Exercise goal:
Retype the full set of records. Keep every character identical.

Supplied information:
※ ※ ※

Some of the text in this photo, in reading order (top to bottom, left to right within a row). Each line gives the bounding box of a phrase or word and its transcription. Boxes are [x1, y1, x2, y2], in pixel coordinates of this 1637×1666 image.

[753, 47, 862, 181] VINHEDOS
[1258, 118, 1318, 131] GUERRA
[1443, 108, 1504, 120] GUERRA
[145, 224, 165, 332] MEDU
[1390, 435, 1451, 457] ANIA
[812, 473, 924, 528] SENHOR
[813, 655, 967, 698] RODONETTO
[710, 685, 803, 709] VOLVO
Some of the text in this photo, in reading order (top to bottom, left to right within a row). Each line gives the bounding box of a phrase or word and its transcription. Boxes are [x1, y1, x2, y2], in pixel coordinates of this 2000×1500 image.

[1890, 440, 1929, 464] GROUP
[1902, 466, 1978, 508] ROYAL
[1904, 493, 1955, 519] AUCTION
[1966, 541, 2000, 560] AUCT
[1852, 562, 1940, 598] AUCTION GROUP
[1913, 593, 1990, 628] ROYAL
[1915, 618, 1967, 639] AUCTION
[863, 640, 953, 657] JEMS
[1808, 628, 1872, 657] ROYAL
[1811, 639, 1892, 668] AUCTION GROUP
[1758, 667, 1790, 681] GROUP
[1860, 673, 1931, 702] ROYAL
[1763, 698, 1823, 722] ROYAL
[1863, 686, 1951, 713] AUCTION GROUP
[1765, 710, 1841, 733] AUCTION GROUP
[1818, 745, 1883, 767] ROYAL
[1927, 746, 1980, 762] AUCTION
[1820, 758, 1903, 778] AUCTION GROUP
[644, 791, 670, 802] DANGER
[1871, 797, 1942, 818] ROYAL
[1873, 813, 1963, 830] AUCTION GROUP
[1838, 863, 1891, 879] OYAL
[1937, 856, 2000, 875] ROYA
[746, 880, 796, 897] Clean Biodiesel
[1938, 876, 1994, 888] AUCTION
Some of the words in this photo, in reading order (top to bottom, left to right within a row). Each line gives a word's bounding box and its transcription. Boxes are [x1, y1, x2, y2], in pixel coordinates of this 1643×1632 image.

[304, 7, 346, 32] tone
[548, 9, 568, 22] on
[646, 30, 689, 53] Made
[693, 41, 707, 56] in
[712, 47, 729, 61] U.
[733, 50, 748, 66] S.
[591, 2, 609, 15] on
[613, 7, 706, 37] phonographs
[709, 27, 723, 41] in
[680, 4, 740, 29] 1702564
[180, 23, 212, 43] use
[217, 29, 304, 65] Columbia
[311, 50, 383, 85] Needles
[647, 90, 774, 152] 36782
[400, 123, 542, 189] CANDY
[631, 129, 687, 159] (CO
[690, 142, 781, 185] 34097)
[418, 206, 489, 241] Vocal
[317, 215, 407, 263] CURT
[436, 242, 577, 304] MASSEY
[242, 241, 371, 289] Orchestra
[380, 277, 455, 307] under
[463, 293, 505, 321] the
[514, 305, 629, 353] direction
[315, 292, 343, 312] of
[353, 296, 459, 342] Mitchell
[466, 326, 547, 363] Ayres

※ ※ ※

Answer to this problem:
Some of the text in this photo, in reading order (top to bottom, left to right within a row). Each line gives the bounding box of a phrase or word and its transcription. Boxes are [x1, y1, x2, y2], in pixel coordinates of this 1637×1666 image.

[753, 47, 862, 181] VINHEDOS
[1258, 118, 1318, 131] GUERRA
[1443, 108, 1504, 120] GUERRA
[145, 224, 165, 332] MEDU
[1390, 435, 1451, 457] ANIA
[812, 473, 924, 528] SENHOR
[813, 655, 967, 698] RODONETTO
[710, 685, 803, 709] VOLVO
Some of the text in this photo, in reading order (top to bottom, left to right within a row). Each line gives the bounding box of a phrase or word and its transcription. Boxes are [x1, y1, x2, y2], in pixel coordinates of this 2000×1500 image.

[1890, 440, 1929, 464] GROUP
[1902, 466, 1978, 508] ROYAL
[1904, 493, 1955, 519] AUCTION
[1966, 541, 2000, 560] AUCT
[1852, 562, 1940, 598] AUCTION GROUP
[1913, 593, 1990, 628] ROYAL
[1915, 618, 1967, 639] AUCTION
[863, 640, 953, 657] JEMS
[1808, 628, 1872, 657] ROYAL
[1811, 639, 1892, 668] AUCTION GROUP
[1758, 667, 1790, 681] GROUP
[1860, 673, 1931, 702] ROYAL
[1763, 698, 1823, 722] ROYAL
[1863, 686, 1951, 713] AUCTION GROUP
[1765, 710, 1841, 733] AUCTION GROUP
[1818, 745, 1883, 767] ROYAL
[1927, 746, 1980, 762] AUCTION
[1820, 758, 1903, 778] AUCTION GROUP
[644, 791, 670, 802] DANGER
[1871, 797, 1942, 818] ROYAL
[1873, 813, 1963, 830] AUCTION GROUP
[1838, 863, 1891, 879] OYAL
[1937, 856, 2000, 875] ROYA
[746, 880, 796, 897] Clean Biodiesel
[1938, 876, 1994, 888] AUCTION
Some of the words in this photo, in reading order (top to bottom, left to right within a row). Each line gives a word's bounding box and its transcription. Boxes are [x1, y1, x2, y2], in pixel coordinates of this 1643×1632 image.

[304, 7, 346, 32] tone
[548, 9, 568, 22] on
[646, 30, 689, 53] Made
[693, 41, 707, 56] in
[712, 47, 729, 61] U.
[733, 50, 748, 66] S.
[591, 2, 609, 15] on
[613, 7, 706, 37] phonographs
[709, 27, 723, 41] in
[680, 4, 740, 29] 1702564
[180, 23, 212, 43] use
[217, 29, 304, 65] Columbia
[311, 50, 383, 85] Needles
[647, 90, 774, 152] 36782
[400, 123, 542, 189] CANDY
[631, 129, 687, 159] (CO
[690, 142, 781, 185] 34097)
[418, 206, 489, 241] Vocal
[317, 215, 407, 263] CURT
[436, 242, 577, 304] MASSEY
[242, 241, 371, 289] Orchestra
[380, 277, 455, 307] under
[463, 293, 505, 321] the
[514, 305, 629, 353] direction
[315, 292, 343, 312] of
[353, 296, 459, 342] Mitchell
[466, 326, 547, 363] Ayres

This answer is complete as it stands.